IMG_2071OGGI MENTRE andavo a fare la spesa in auto sono passata accanto a un campo di grano urbano, una piccola distesa di spighe seminata, probabilmente, da qualcuno che pratica l’agricoltura a ogni costo, ma con un animo poetico, perché secondo me ci vuole una visione poetica del mondo per far crescere il grano nello spazio fra un capannone industriale e un distributore di benzina. Quindi chapeau a chi ce l’ha messo. Comunque, mentre passavo lì accanto mi è venuta in mente la mia amica Lisa, che in tempi recenti si è imbattuto in un’azienda senese che produce, e insegna come coltivare e utilizzare, grani antichi.
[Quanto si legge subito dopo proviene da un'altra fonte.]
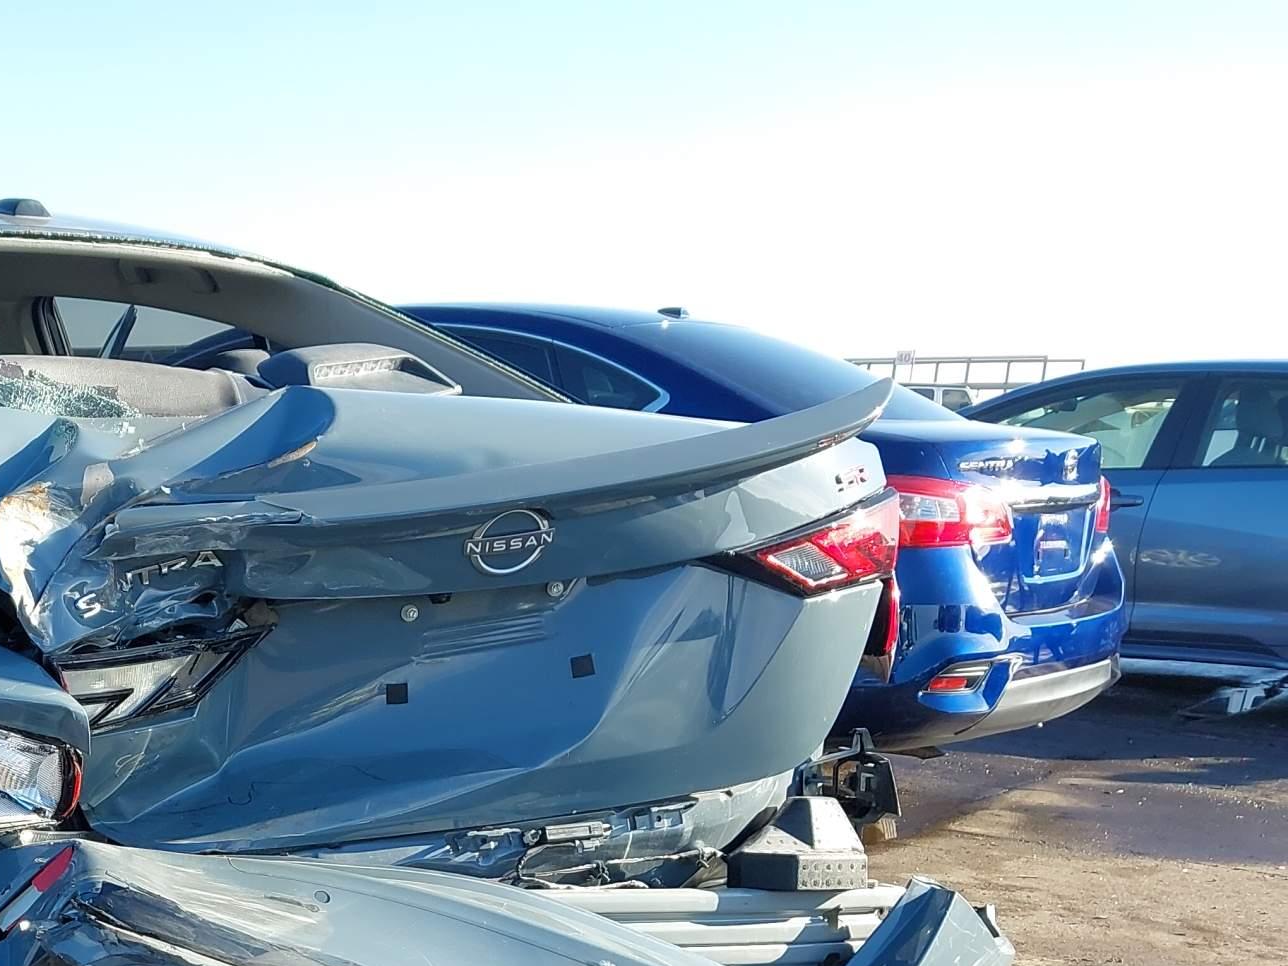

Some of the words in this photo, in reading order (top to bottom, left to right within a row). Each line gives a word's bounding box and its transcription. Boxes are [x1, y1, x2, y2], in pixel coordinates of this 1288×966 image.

[959, 459, 1014, 471] SENTRA
[466, 531, 553, 554] NISSAN
[73, 551, 223, 619] SNTRA
Cioè tipi di grano con semi che non sono stati modificati per produrre di più e meglio e perciò hanno meno glutine, sono più digeribili e hanno altre virtù legate proprio al fatto di non essere stati modificati geneticamente per resistere meglio al clima, all’attacco dei parassiti e avere una resa superiore. L’azienda si trova a Scorgiano e organizza corsi fino al prossimo 13 settembre su come utilizzare le farine che si ottengono dai grani antichi (tutte le informazioni si trovano su www.laboratorioincorso.com ). Le lezioni non sono solo per addetti ai lavori, ma si rivolgono a un pubblico più vasto: tutti gli appassionati di pane, pasta e prodotti da forno, e non richiedono una preparazione specifica, ma solo la passione, appunto. Sono di varietà di frumento diverse con proprietà e caratteristiche differenti che permettono di produrre cibi di altissima qualità. Assaggiandoli si conosce il sapore del pane come era una volta, prima dell’avvento della genetica in agricoltura.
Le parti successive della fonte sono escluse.